Anyway keep your eyes to the horizon, chin up, and check out the hot nurses.
(I never get them😠)
Kevin
Pit Row
Ironic, since my "walk away moment" involved a major concussion (no other injuries) on a blind 4th gear jump / obstructed landing. That was ten years ago. Have raced moto here and there and have done a decent amount of off-road / hare scrambles since then, but it's different now and I'm ok with it.
Completely understand where you're at. My half-glass statement is it could have been worse, but I know I'm preaching to the choir because I know you know that. Glad you're recovering and here to share your story and receive that positive healing feedback that only moto doods could understand. Prayers / thoughts / vibes your way for a good recovery, Merry Christmas, and Happy New Year!
You’ll heal up brother. Gonna be long road but it’ll pass.
I can only say try your best to look to the positives and pass your knowledge along, I look up to you head strong and if there is anything we as a community, myself can do to help I am and we are here ..
Old injuries, bad knees and herniated vertebrae in my neck took me off the MX track a few years ago. Still have lots of bikes to tinker on and restore to keep me going and close to the sport.

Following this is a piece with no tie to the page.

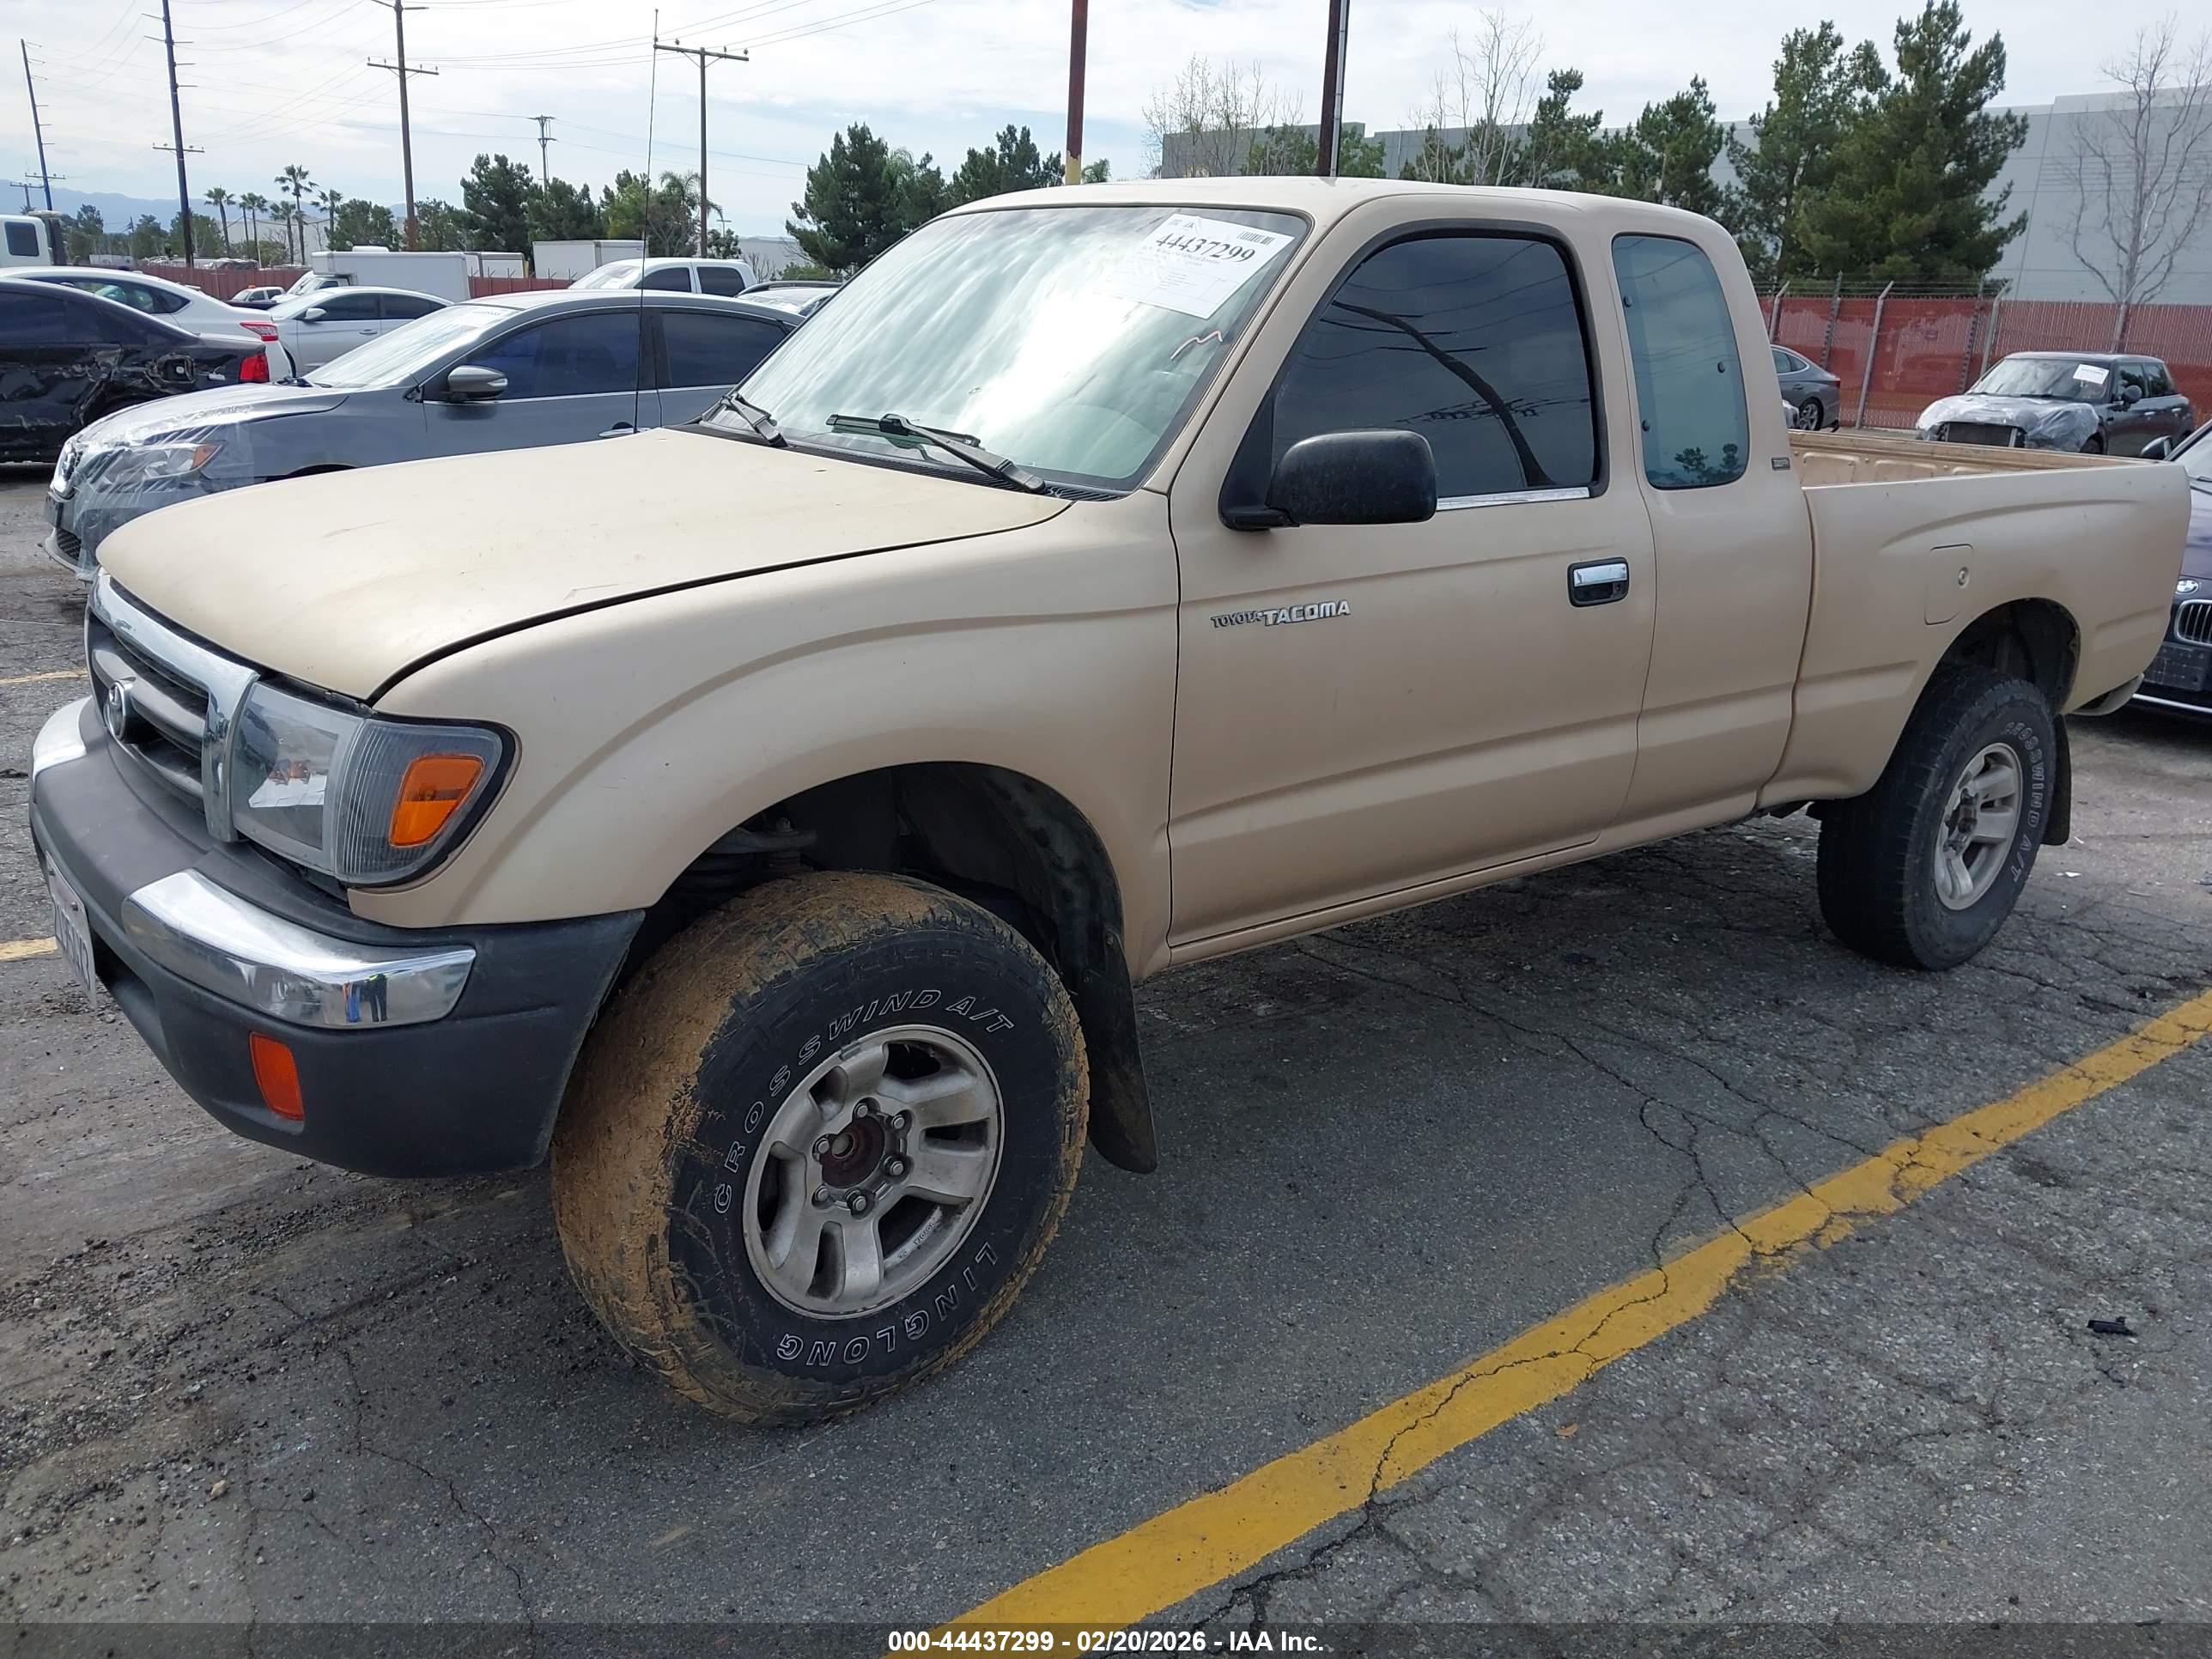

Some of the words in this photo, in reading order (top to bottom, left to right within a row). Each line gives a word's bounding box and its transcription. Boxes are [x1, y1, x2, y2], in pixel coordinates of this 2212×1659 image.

All the best to you in your recovery, moto-bro. Sorry you can't be with your family this Christmas. Please keep us posted on how you are getting along!
I’m almost 50 and every time I get the itch to pickup another bike - that 21 Honda 450r is so damn sexy - I end up reminding myself that I’m not the man I used to be. You’re in a very elite group. I know it’s painful to walk away from the sport but It’s been a damn fine run I’d say.
Heal up quick Sir.
We all eventually come to that crossroad deciding what’s next. I have hardware, been life flighted out of Mojave and still keep bouncing myself off trees in the PNW. I guess I’m hard headed. But, eventually I’ll have to find something to replace a passion so dear to me. We all do. When that time comes, it’ll be something I can include my friends and family with. That’s what riding has always been about for me.
I hope your recovery goes quickly. I look forward to continually seeing your posts here on Vital.
Also, make sure to ask all the hot nurses for sponge baths. I did every time I was in the hospital. My wife still brings that up. Smile n wave.
Take care mister.
I’ll take a shirt or two if you decide to sell them also.